> WHAT TO DO
I would like you to output every record below exactly, apart from the pictures.

> DATA EXTRACT
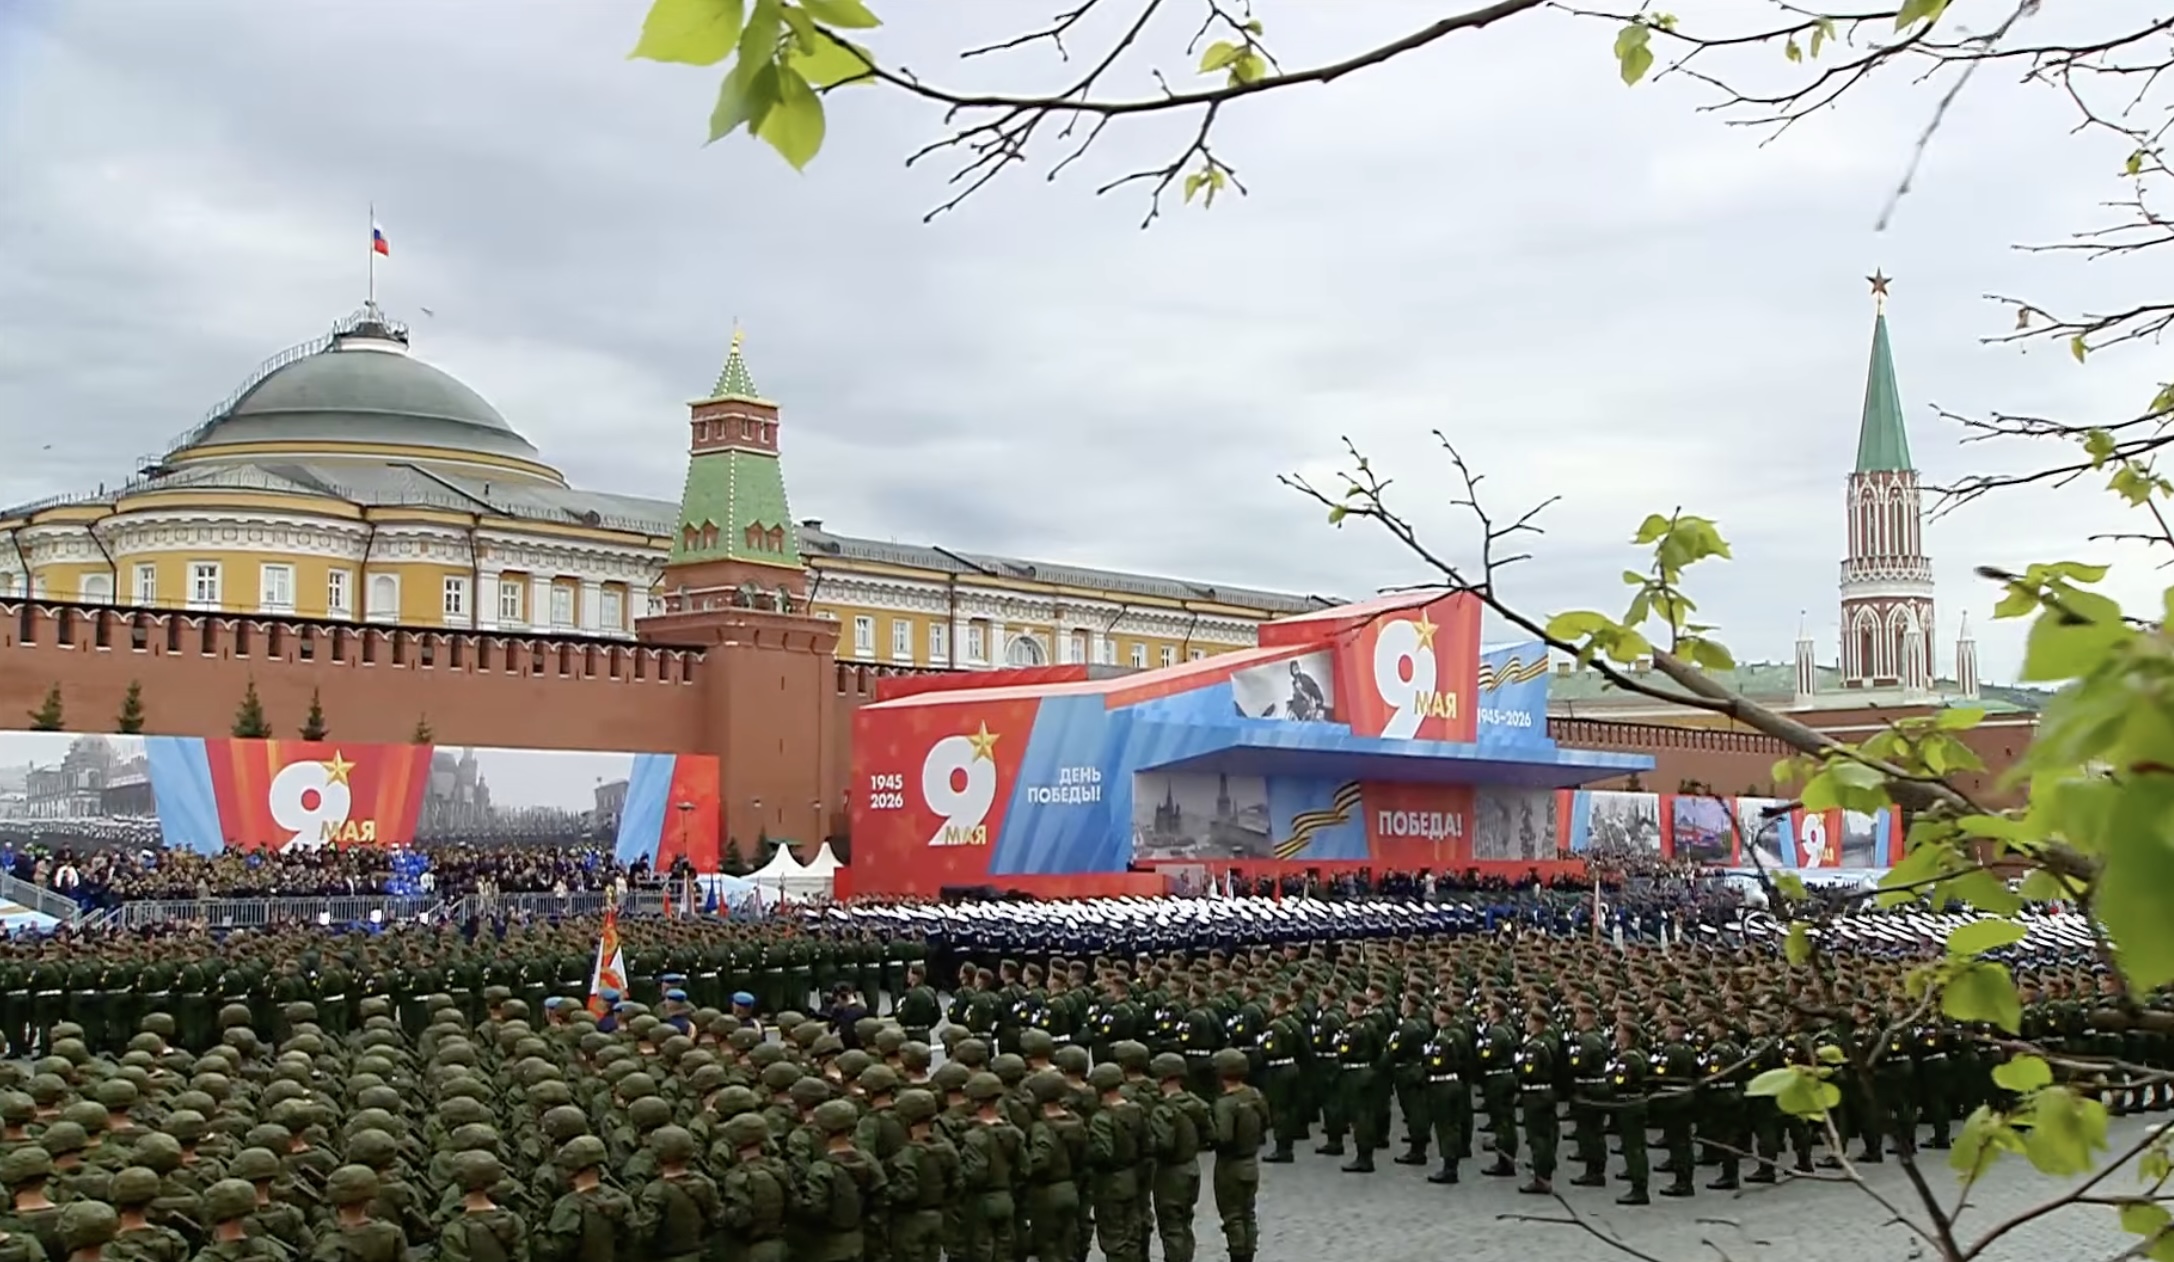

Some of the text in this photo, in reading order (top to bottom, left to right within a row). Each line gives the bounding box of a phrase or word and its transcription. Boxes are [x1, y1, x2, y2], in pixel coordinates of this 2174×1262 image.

[1374, 619, 1457, 740] 9 МАЯ
[870, 774, 903, 790] 1945
[923, 735, 996, 846] 9 МАЯ
[1059, 767, 1102, 785] ДЕНЬ
[269, 760, 376, 854] 9 МАЯ
[870, 792, 904, 809] 2026
[1027, 785, 1102, 804] ПОБЕДЫ!
[1378, 810, 1463, 840] ПОБЕДА!
[1802, 813, 1826, 868] 9

> PROBLEM SOLUTION
Some of the text in this photo, in reading order (top to bottom, left to right within a row). Each line gives the bounding box of a phrase or word and its transcription. Boxes are [x1, y1, x2, y2], in pixel coordinates of this 2174×1262 image.

[1374, 619, 1457, 740] 9 МАЯ
[870, 774, 903, 790] 1945
[923, 735, 996, 846] 9 МАЯ
[1059, 767, 1102, 785] ДЕНЬ
[269, 760, 376, 854] 9 МАЯ
[870, 792, 904, 809] 2026
[1027, 785, 1102, 804] ПОБЕДЫ!
[1378, 810, 1463, 840] ПОБЕДА!
[1802, 813, 1826, 868] 9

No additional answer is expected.